My grandfather was no fan of the fish known as bluegill. Pappaw, as we called him, always complained that while he liked the flavor, they were too small and were too skilled at cleaning the bait from his hook. I was just a kid when we fished Pappaw’s little pond in Greensburg, Ky., so I was just happy to catch a fish — I didn’t care what it was.
Imagine my nostalgic joy when I recently stepped into Ahoy!! Fish Hutt and caught another bluegill. When I saw the fresh water fish was one of the specials (a sandwich and one side for a reasonable $6.50), I thought my eyes were playing tricks on me. Bluegill? Really? I asked co-owner Joni Romans if she caught it herself.
“I wish,” she said, smiling. She related that as a kid, she caught bluegill on fishing excursions with her dad, which prompted her to serve it at Ahoy!!. Well, that and the fact that she loves the stuff: The flavor is mild, and the meat is thin, but when you get a really good bite of bluegill, you know it.
“We’re the only restaurant in Louisville that has it,” Romans beamed, noting that she gets the bluegill from a distributor in Canada. “You have to catch 30 of them to feed four people; it’s $12 a pound, so nobody else will buy it.”
Ahoy!! is an interesting little hole-in-the-wall; the corner location, at 2902 Bardstown Road (near Assumption High School), has been home to a number of other mom-and-pop eateries with fish as a menu staple. The website (www.icravefish.com) boasts “best fish in Louisville,” and what’s noticeable is that Romans and co-owner Sheri Downey aren’t just deep-frying whatever they can find and serving up canned sides.
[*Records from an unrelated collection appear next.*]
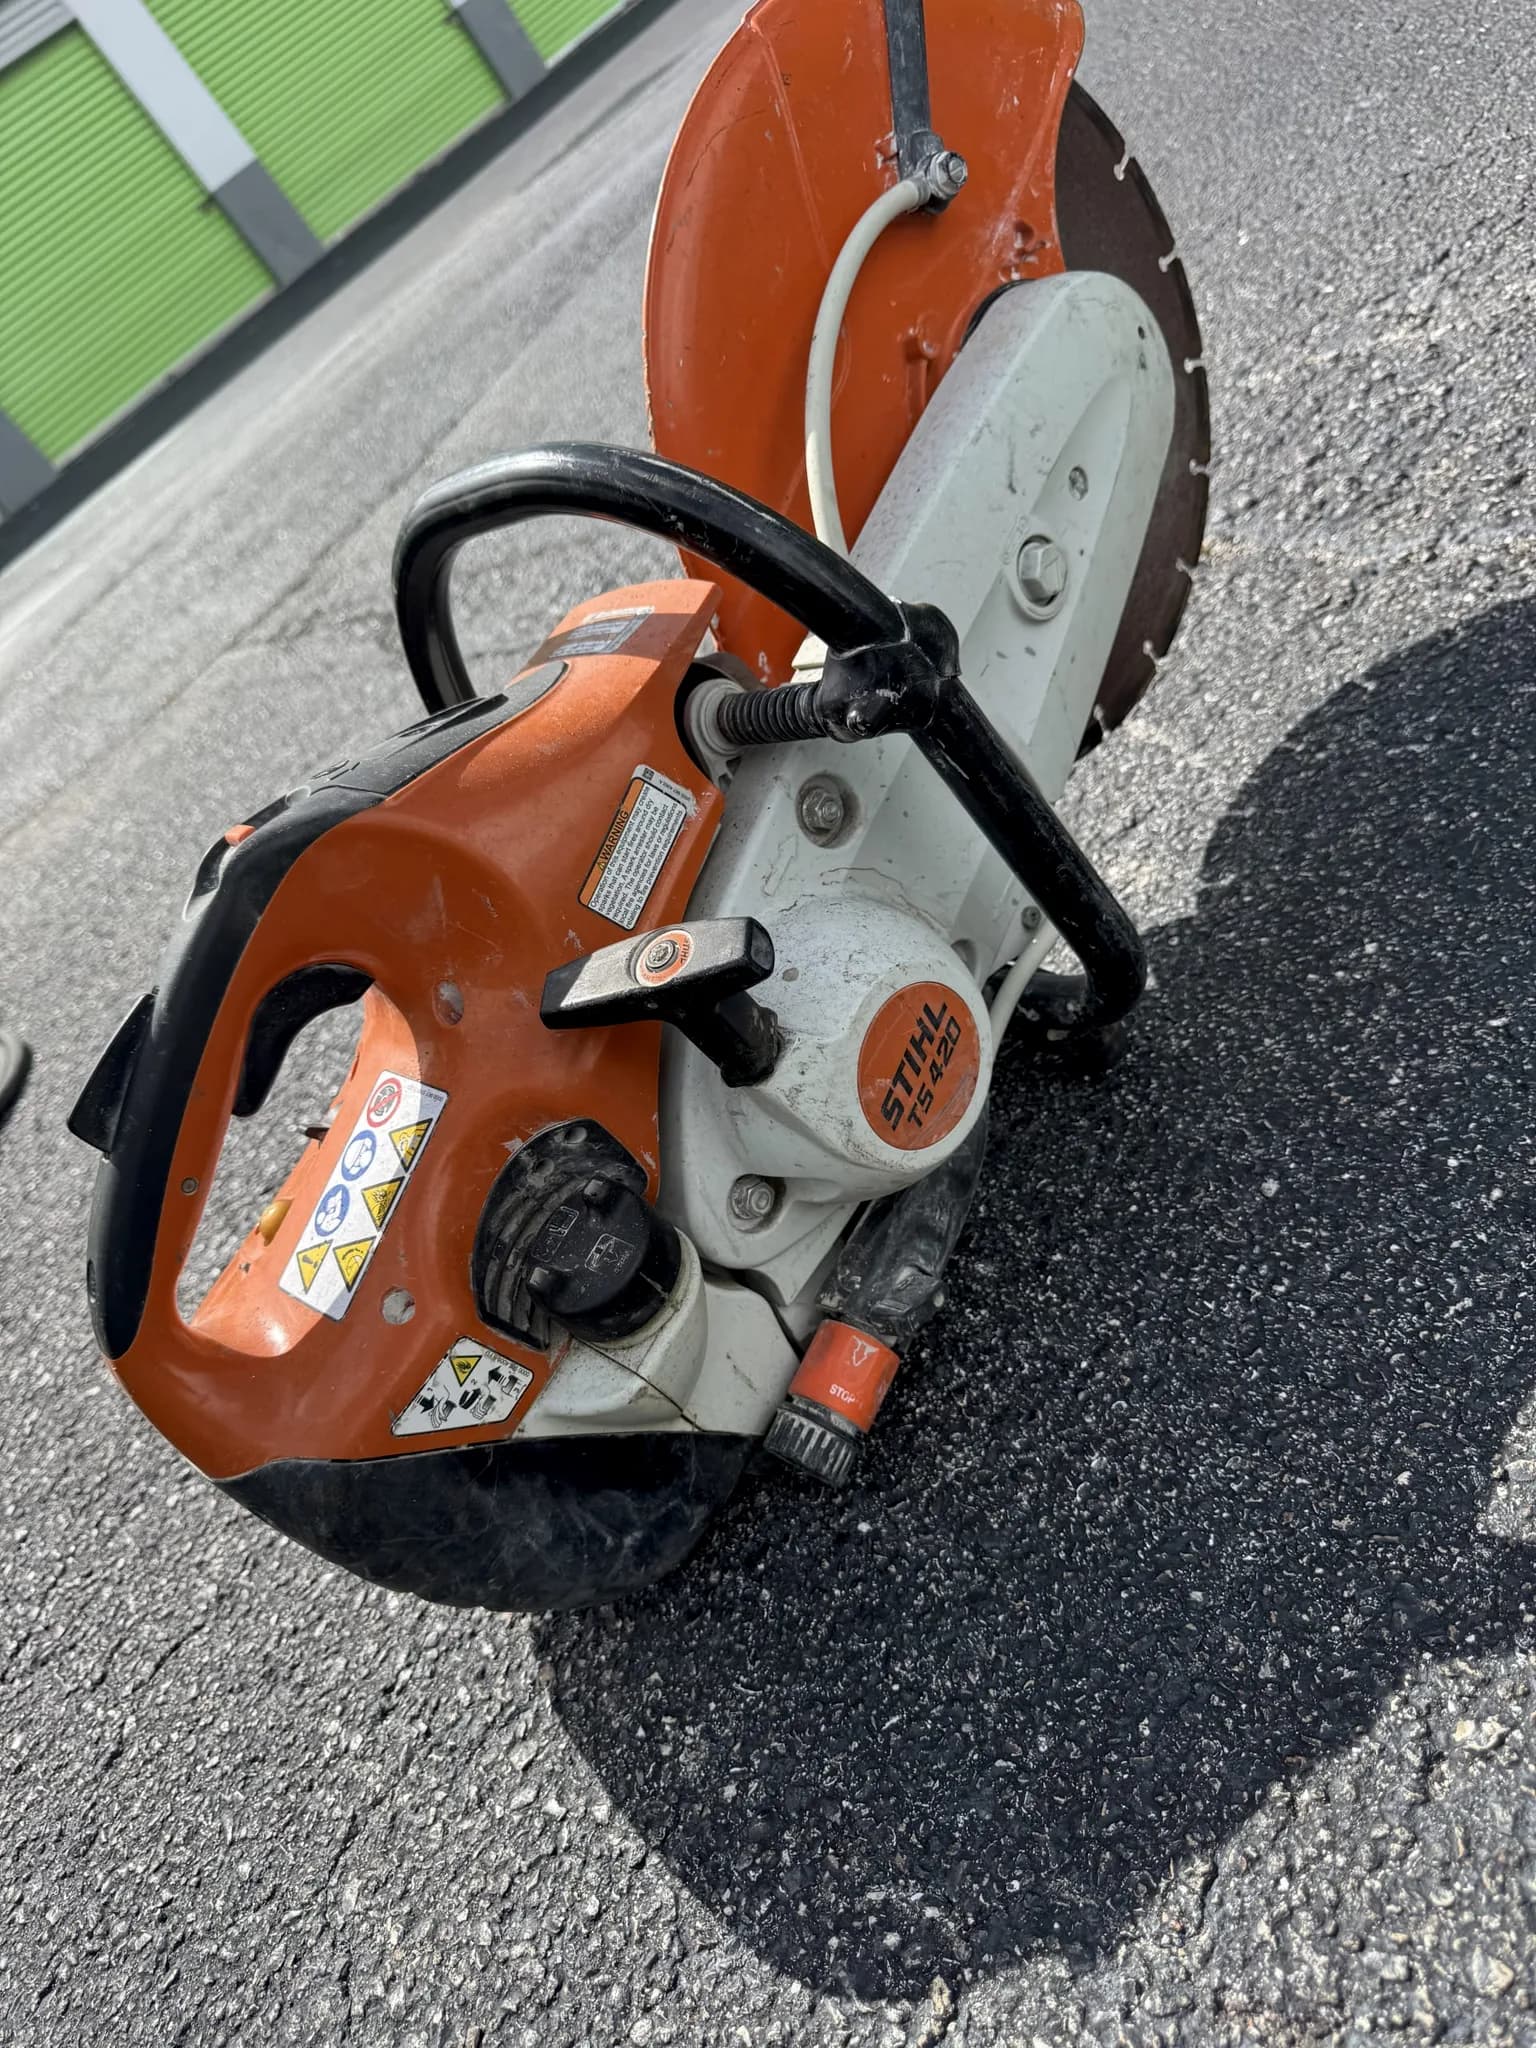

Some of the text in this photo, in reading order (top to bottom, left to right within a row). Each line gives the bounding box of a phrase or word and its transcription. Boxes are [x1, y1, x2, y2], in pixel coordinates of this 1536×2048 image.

[589, 875, 609, 908] Operation
[605, 866, 612, 875] of
[615, 820, 635, 855] equipment
[631, 806, 642, 821] may
[597, 798, 654, 912] sparks that can start fires around dry
[599, 809, 629, 861] WARNING
[618, 802, 678, 924] local fire agencies for laws or regulations
[624, 855, 637, 875] spark
[632, 830, 648, 855] arrester
[645, 815, 655, 831] may
[651, 805, 659, 815] be
[625, 876, 635, 890] The
[631, 849, 648, 877] operator
[643, 827, 657, 850] should
[653, 803, 668, 827] contact
[645, 850, 665, 885] prevention
[625, 903, 641, 928] relating
[636, 895, 643, 903] to
[638, 882, 648, 896] fire
[881, 1002, 948, 1131] STIHL
[906, 1015, 961, 1128] TS 420
[830, 1384, 856, 1404] STOP
Downey said she learned early in culinary school — when she first came to Kentucky from California a couple years ago — that starting with quality is important. One of her culinary instructors made it a point to tell the class they were not to prepare personally acquired animals for use in their restaurants.
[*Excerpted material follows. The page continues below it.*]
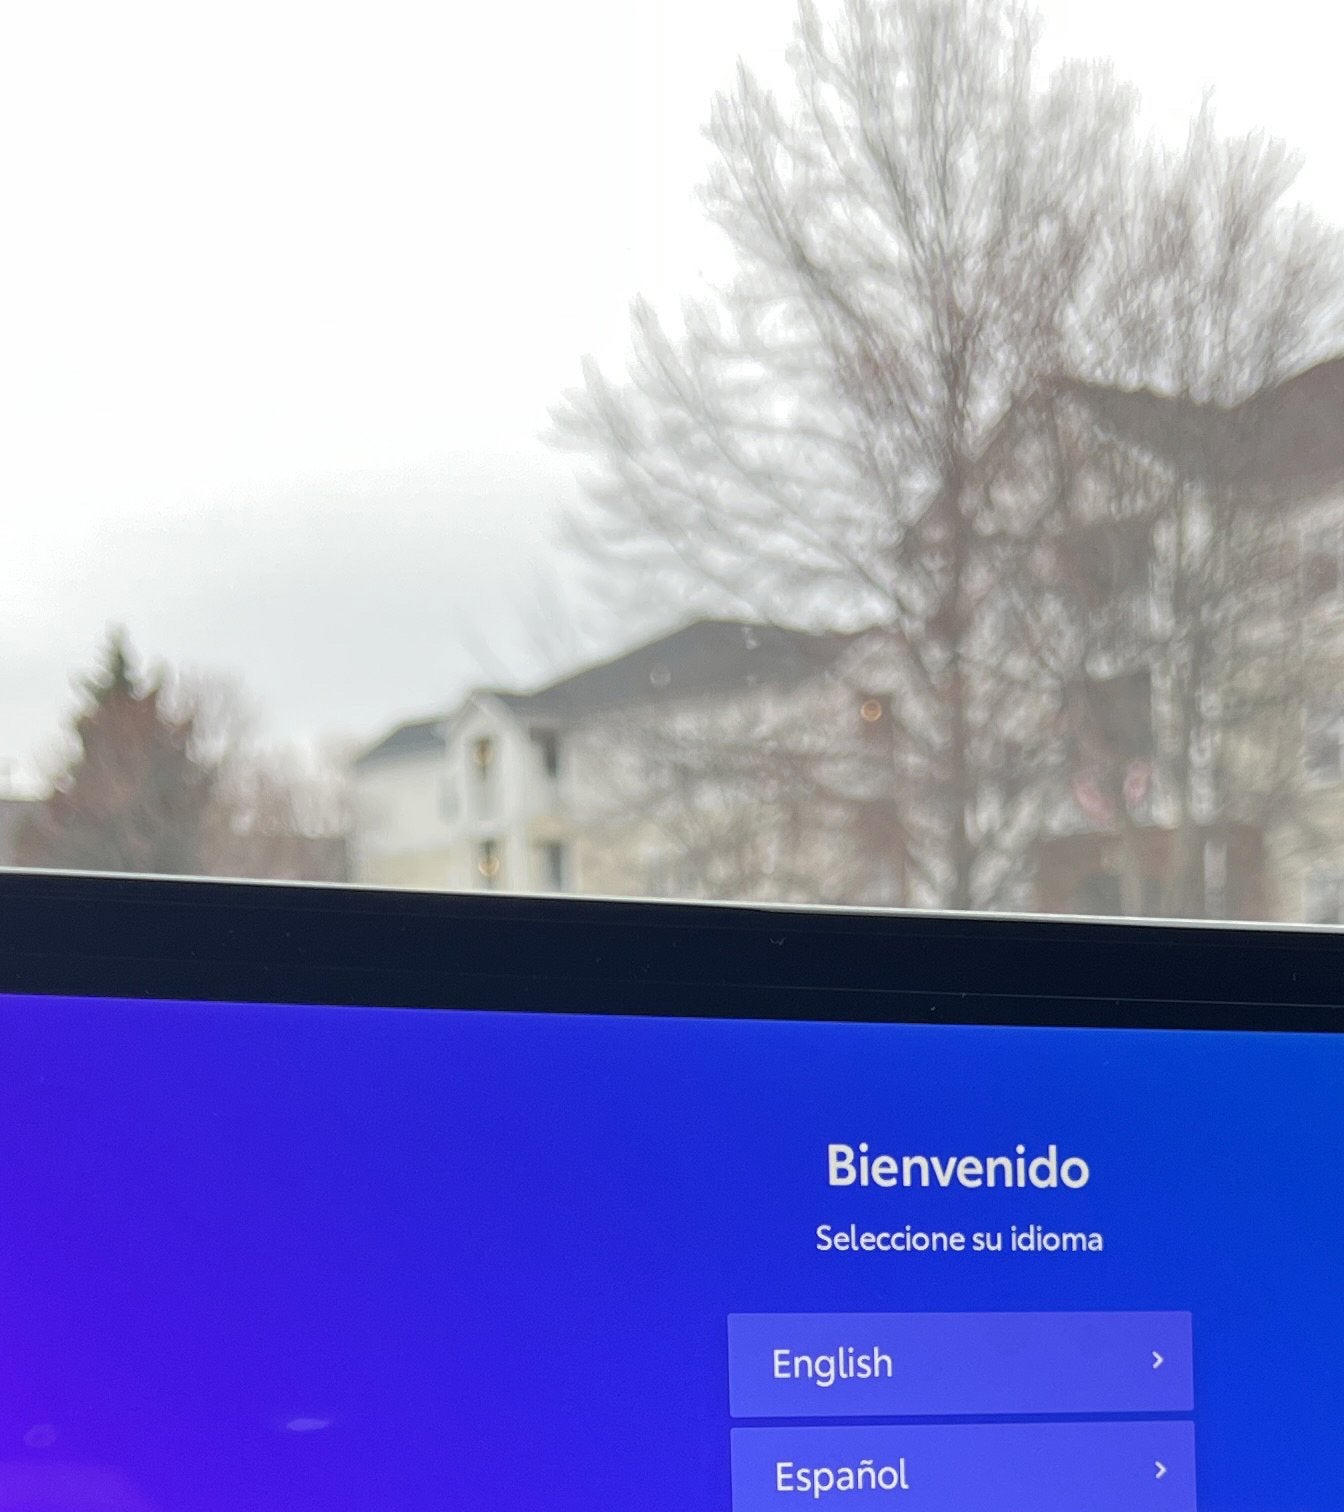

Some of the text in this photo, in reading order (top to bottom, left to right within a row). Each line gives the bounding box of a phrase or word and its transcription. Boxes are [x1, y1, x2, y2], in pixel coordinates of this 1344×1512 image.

[827, 1142, 1090, 1189] Bienvenido
[816, 1224, 1104, 1252] Seleccione su idioma
[772, 1346, 893, 1387] English
[775, 1457, 910, 1499] Español
“I thought, ‘Who’s doing this?’” Downey said, not realizing at first that the instructor meant hunted meat and not roadkill. (Welcome to Kentucky, Sheri.) Needless to say, she looks for the best seafood with which to work; in other words, nothing comes from the Ohio River.
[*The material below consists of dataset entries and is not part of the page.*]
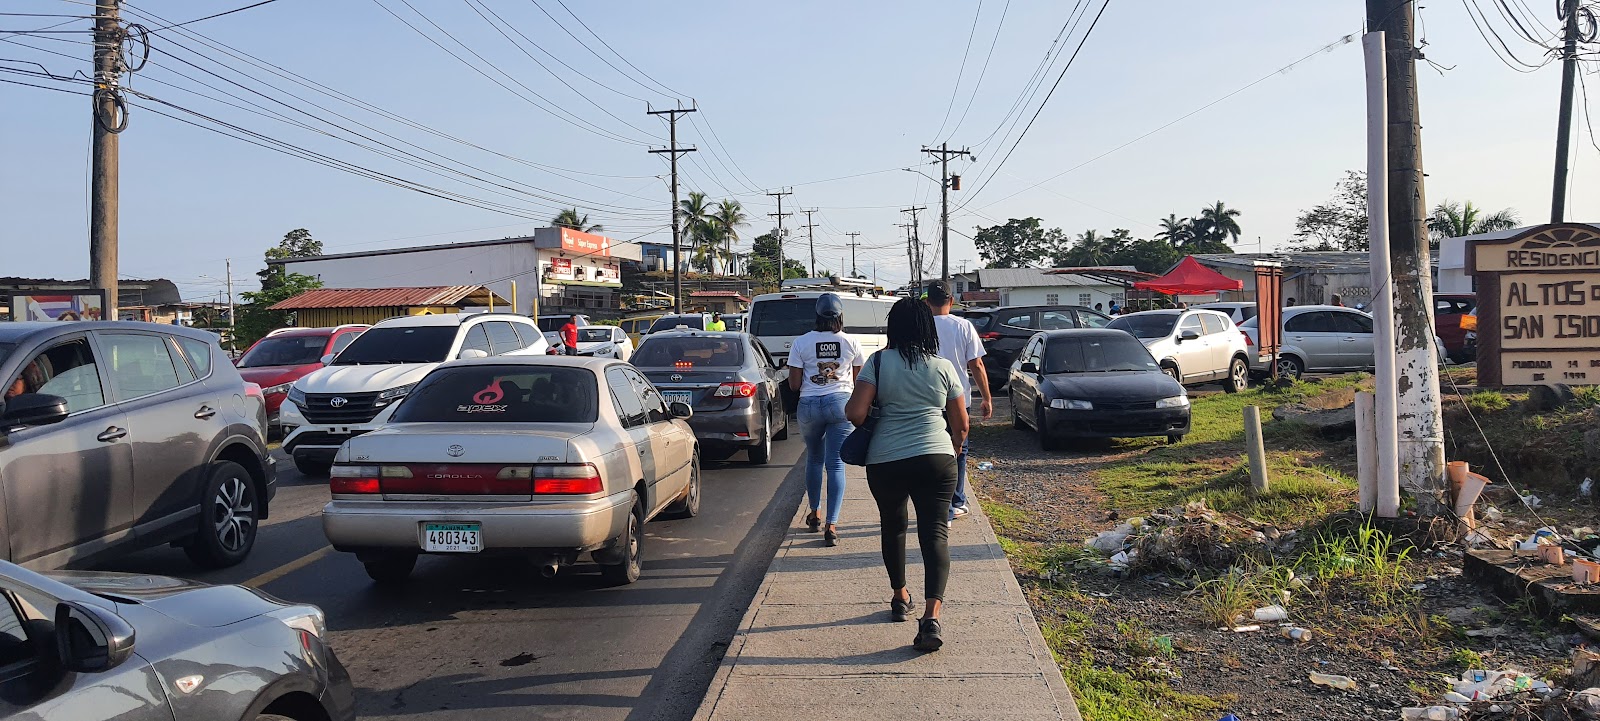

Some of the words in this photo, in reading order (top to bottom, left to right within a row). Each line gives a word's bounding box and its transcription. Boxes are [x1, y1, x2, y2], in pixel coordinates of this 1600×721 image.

[1507, 280, 1586, 306] ALTOS
[1504, 315, 1544, 340] SAN
[820, 344, 837, 352] GOOD
[1512, 361, 1552, 369] FUNDADA
[429, 531, 476, 545] 480343
The charm of the place really is in the detail — while there, I overheard a conversation about the Greek spices used in the green beans (they’re delicious, by the way) and talked to Downey about the experimental nature of building the succinct but solid menu, often experimenting with new ideas.
My buddy Kirk tried something called a Shipwreck ($6.99), which illustrated the owners’ creativity — it’s an ample concoction made with baked tilapia, tomatoes, corn, jalapeño peppers, onions and salsa, topped with homemade coleslaw and then served over a bed of nacho chips.
Calling it “aptly named,” Kirk noted, “I’m not sure what I was expecting when I came in here, but it wasn’t this.” But he liked it enough that he said he wants to visit again soon. (Dude weighs a buck-thirty and eats everything in sight. No joke.)
They also have fun at the Hutt (which is spelled that way to preserve uniqueness). We were asked at the order counter whether we were dining in or carrying out, and when our food was ready, Romans brought it out in Styrofoam containers, placed them on the table, and opened them for us as we watched.
We both found that charmingly hilarious. “I guess if we have leftovers, they’ll come out and close them for us again,” Kirk deadpanned.
Along with the quality food and reasonable prices (a fish sandwich starts at about $4), there are $1.50 longneck specials during the week and live music on the weekends. Romans and Downey regularly host charity benefits as well. And the menu, Romans said, is about to get an upgrade.
I went back to Ahoy!! a few days after my initial visit and tried the cornmeal-battered frog legs (another Pappaw favorite), while my friend Becky had the incomparable fish taco — the 10-inch tortilla cradled tender tilapia, with varied ingredients similar to the Shipwreck, along with red cabbage and lots of cheese. Delicious.
But if you go, start with the bluegill. Make your Pappaw proud.